Statement of reasons released for the ruling rejecting a liability action against the Swiss Confederation following the merger between Credit Suisse and UBS

As we had already announced here, the Swiss Federal Supreme Court rejected a state‑liability action filed by two retail investors who lost money trading Credit Suisse shares in March 2023, ruling that the plaintiffs failed to prove a compensable loss caused by the Federal Council’s actions—or any actionable breach of official duty. The judgment (No. 2E_1/2024) was delivered orally at a public hearing on May 23, 2025 and has now been released in writing.
What the case was about
The couple bought 38,000 Credit Suisse shares on March 10, 13 and 15, 2023 for a total outlay of CHF 84,788.49 (fees included). They sold all shares on March 20, 2023 at CHF 0.76–0.80, realizing CHF 30,187.15 and claiming a loss of CHF 54,601.34. They sued the Swiss Confederation, arguing that (i) the Federal Council’s emergency ordinance enabling the UBS–CS weekend deal was unlawful; (ii) senior ministers misled the public about CS’s condition in December 2022 and March 2023; and (iii) the authorities pressured UBS and CS leaders to accept an unfairly low price. Procedurally, the court refused to consider the conduct attributed to FINMA or the Swiss National Bank, holding that such claims must be pursued through other legal remedies.
The legal yardstick the court applied
To make the State liable under the applicable law, a claimant must show (1) a wrongful official act, (2) a loss, and (3) an adequate causal link between the two. For purely financial loss, wrongfulness exists only if a specific protective norm has been breached. And when a claim targets a Federal Council ordinance, mere illegality is insufficient; liability requires a particularly serious violation of duty.
Why the court dismissed the case
The emergency‑law attack failed on loss and causation
The justices left open whether the Emergency Ordinance itself was “wrongful” because the claim failed at an earlier stage: the ordinance did not set any share price—the figures cited by the couple (CHF 0.76–0.80) merely reflect the market prices at which they chose to sell on March 20. An asserted higher “intrinsic value” is irrelevant under the court’s difference‑in‑value method for calculating damages. And the suggestion that “another buyer would have paid more” is just hypothetical lost profit, which the plaintiffs neither pleaded nor quantified as required by law. Regarding causation, the price decline was already underway before the ordinance; what crystallized the loss was the plaintiffs’ own sale, not the ordinance.

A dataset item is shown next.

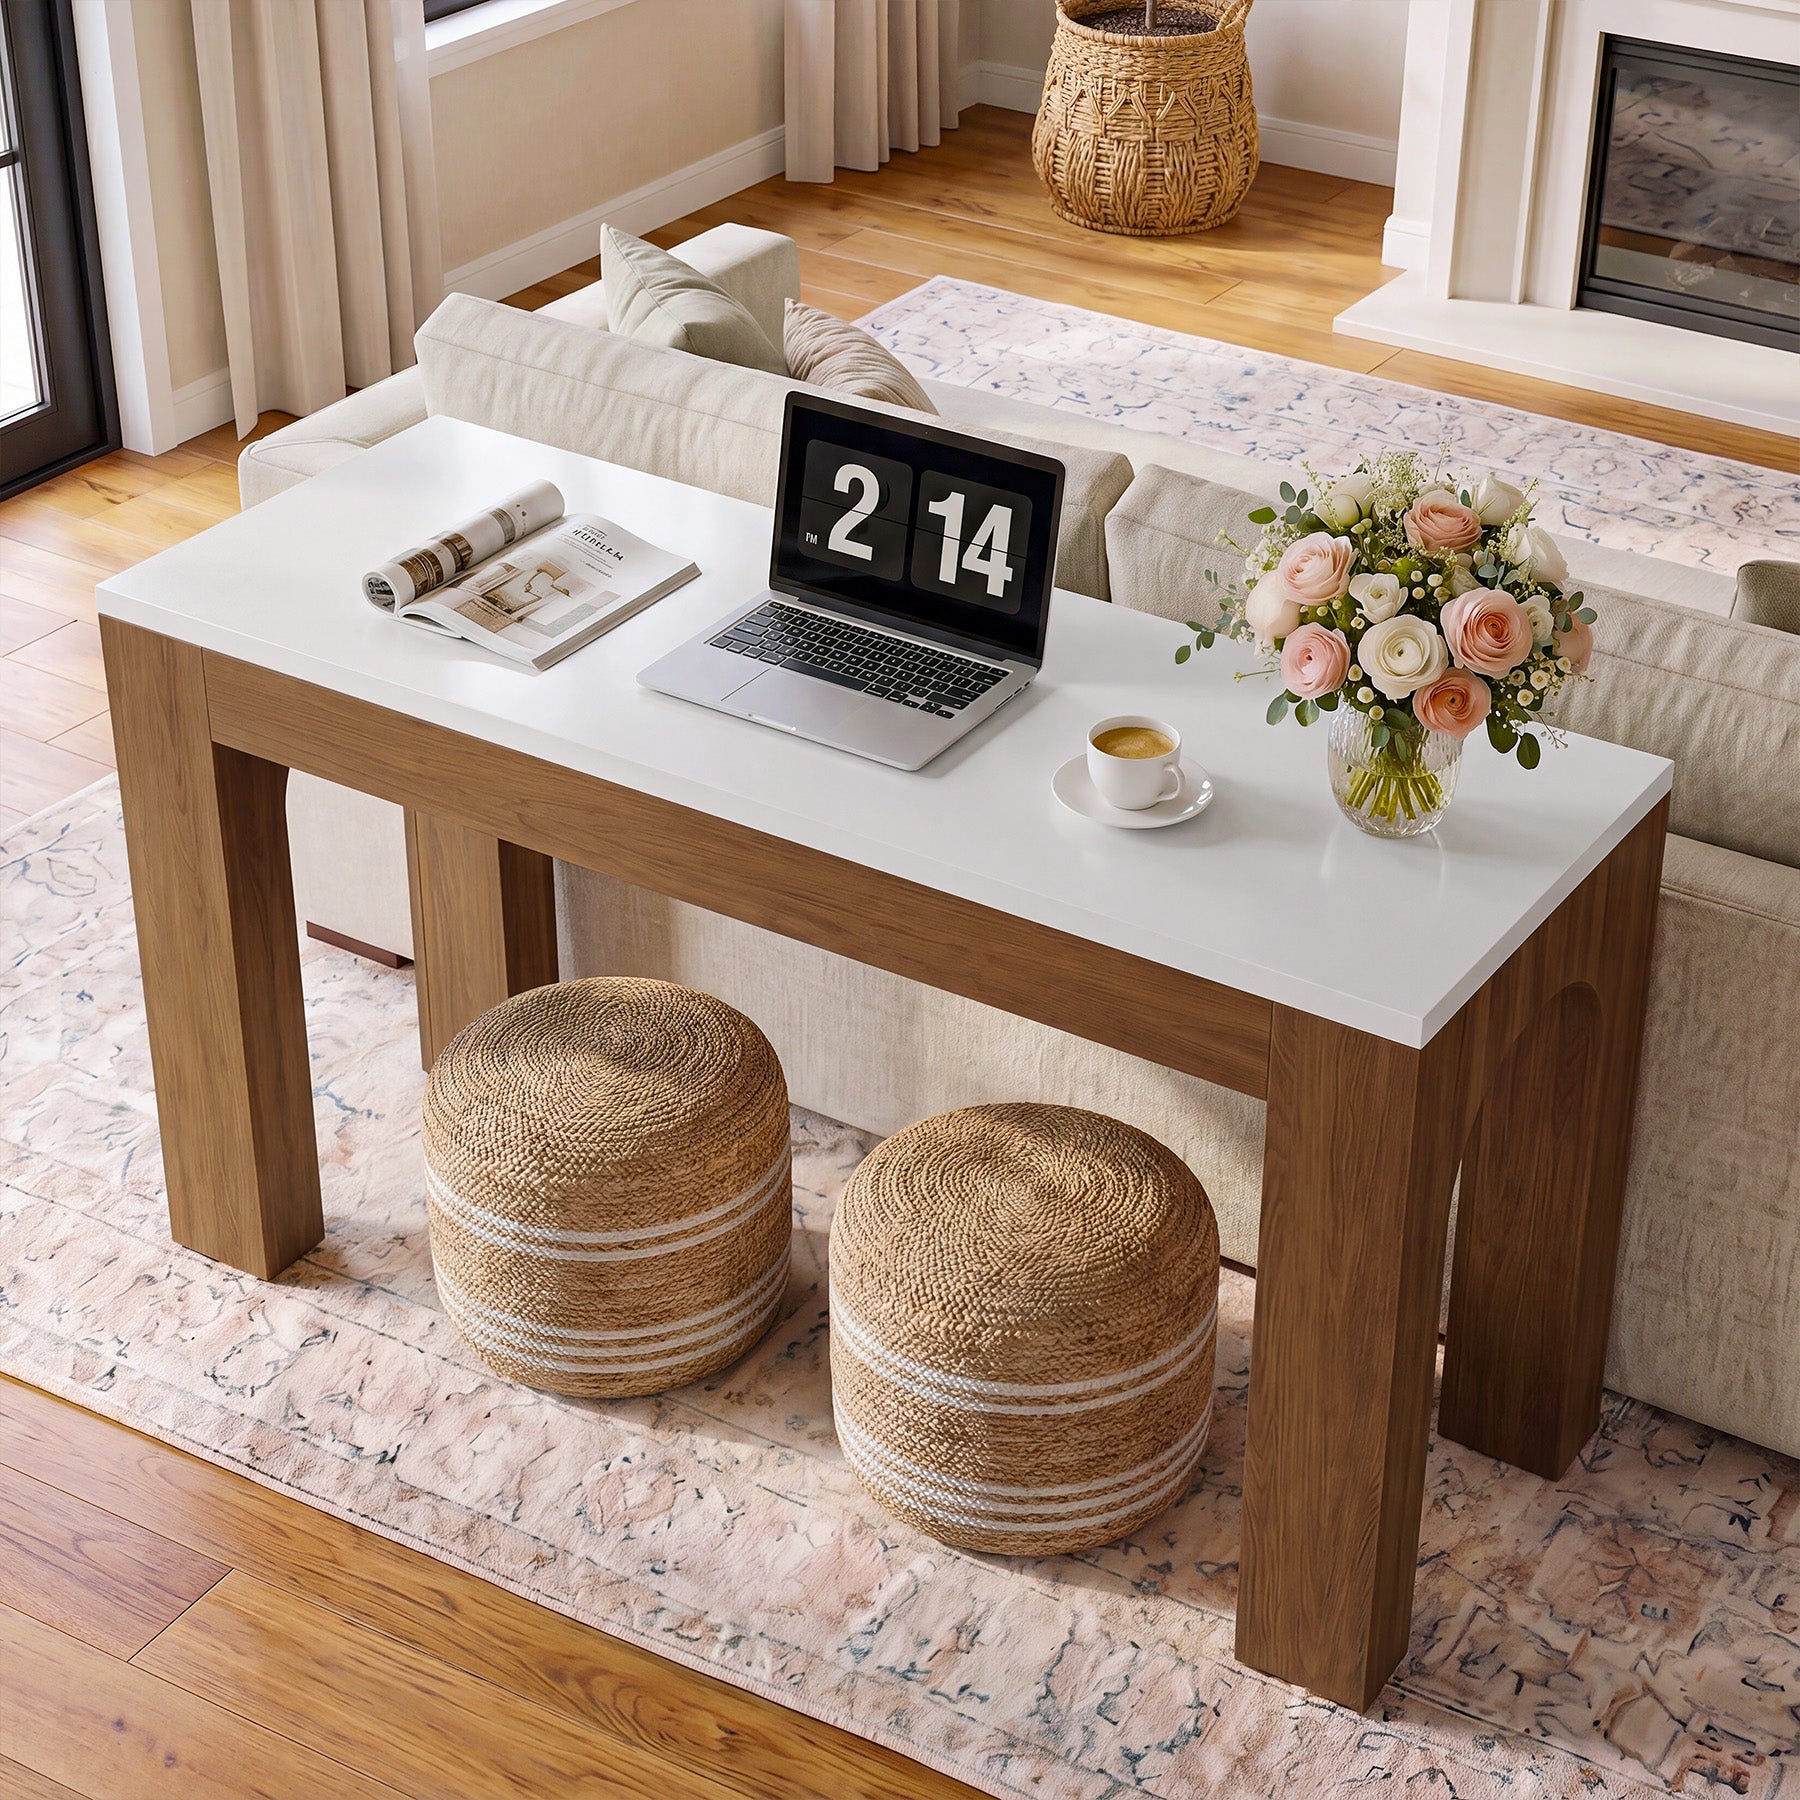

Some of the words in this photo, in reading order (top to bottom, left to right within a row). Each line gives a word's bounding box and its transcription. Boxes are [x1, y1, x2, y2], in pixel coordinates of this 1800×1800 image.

[805, 532, 818, 545] PM
[828, 463, 880, 561] 2
[928, 491, 1013, 598] 14

The “misleading statements” theory lacked a protective norm and causation
The only pre‑purchase ministerial comment the court could establish was then‑Finance Minister Ueli Maurer’s December 13, 2022 TV interview expressing optimism about CS after its capital increase and strategy reset. The court found no Federal Council statements about CS’s capital or liquidity in early–mid March 2023 prior to the plaintiffs purchase of shares; official communications resumed only on March 19. Even if the December remark were debatable, the plaintiffs failed to identify any legal norm intended to protect their assets from such a policy statement. And any reliance was not adequately causal given the dramatic deterioration visible by mid‑March 2023; a three‑month‑old expression of confidence could not reasonably drive a fresh multi‑tens‑of‑thousands investment into a stock in free fall. The court also rejected any “legitimate expectations” theory: the December comment was not a binding assurance that investments would be safe.

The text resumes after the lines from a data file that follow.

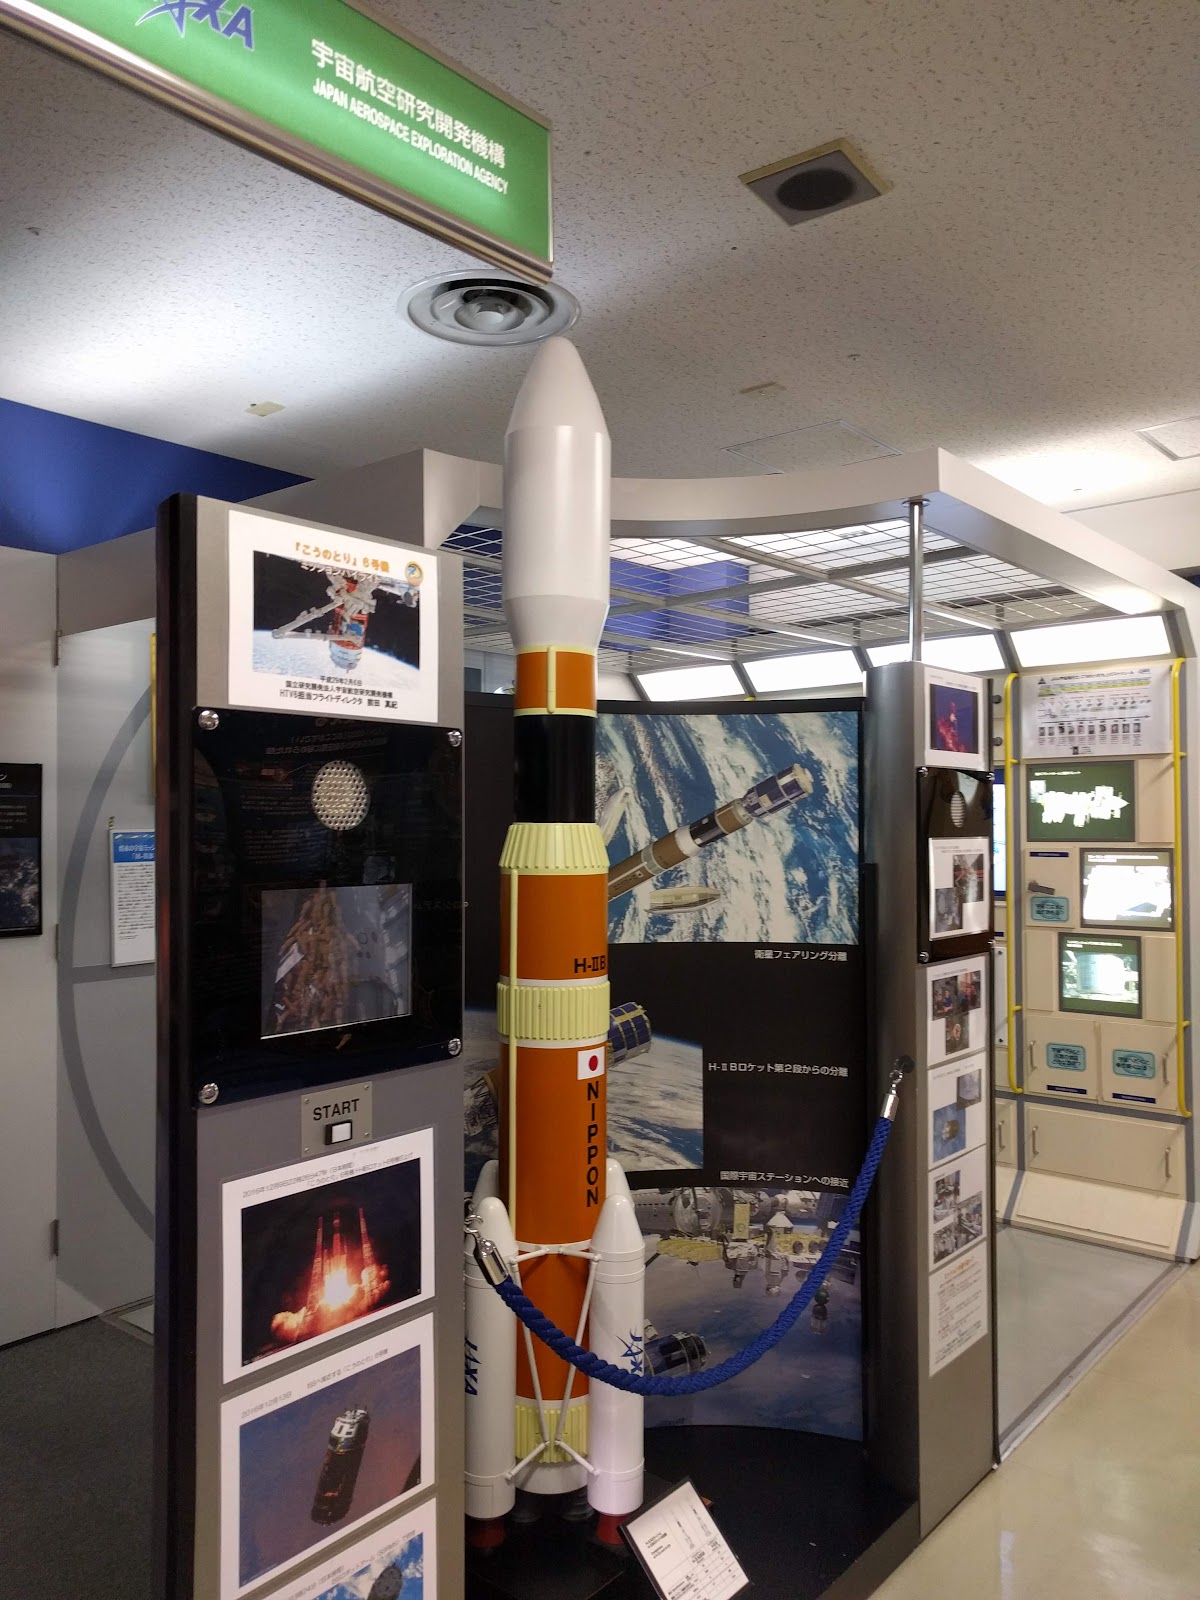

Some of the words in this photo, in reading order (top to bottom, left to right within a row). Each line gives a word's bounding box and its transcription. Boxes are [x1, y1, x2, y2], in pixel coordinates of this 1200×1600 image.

[311, 38, 506, 169] 宇宙航空研究開発機構
[313, 78, 348, 110] JAPAN
[349, 97, 410, 143] AEROSPACE
[410, 129, 473, 176] EXPLORATION
[473, 165, 509, 195] AGENCY
[300, 561, 381, 583] ミッションハイライト
[754, 949, 848, 962] 衛星フェアリング分離
[312, 1098, 361, 1121] START
[586, 1080, 599, 1208] NIPPON
[719, 1170, 849, 1189] 国際宇宙ステーションへの接近
[615, 1328, 644, 1375] JAX

Alleged pressure on UBS/CS was not proven as an unlawful act
The court acknowledged that officials played an active mediating/steering role and negotiated state risk guarantees that influenced UBS’s bid—while also preparing alternative scenarios (forced merger, temporary public ownership). However, the price was set by UBS and accepted by CS; the record did not show the Federal Council coerced the boards into signing. Crucially, the plaintiffs never specified which duty such “pressure” would breach, nor how it caused their specific loss.
A note on the government’s “you sold too soon” rebuttal
The Confederation argued that if the exchange ratio in the UBS–CS deal were later found to be too low in a pending merger‑review action at the Zurich Commercial Court, the remaining shareholders would benefit from any court‑ordered cash equalization—but the plaintiffs sold their shares on March 20, thus cutting themselves off from any such remedy, which would break causation. The Supreme Court did not need to rely on this point after finding no loss and no causal link, but it recorded the argument.
The claim fails because the plaintiffs could not demonstrate recoverable damage or adequate causation, and they did not show any actionable breach of duty by the Federal Council. This ruling underscores how steep the climb is for investors seeking to shift market losses to the state following a crisis intervention. To win, plaintiffs must do more than criticize emergency measures or cite optimistic ministerial remarks—they must pinpoint a specific protective legal norm, quantify a real, non‑hypothetical loss, and prove that official conduct, rather than market forces or their own trading decisions, caused it. That threshold was not met here.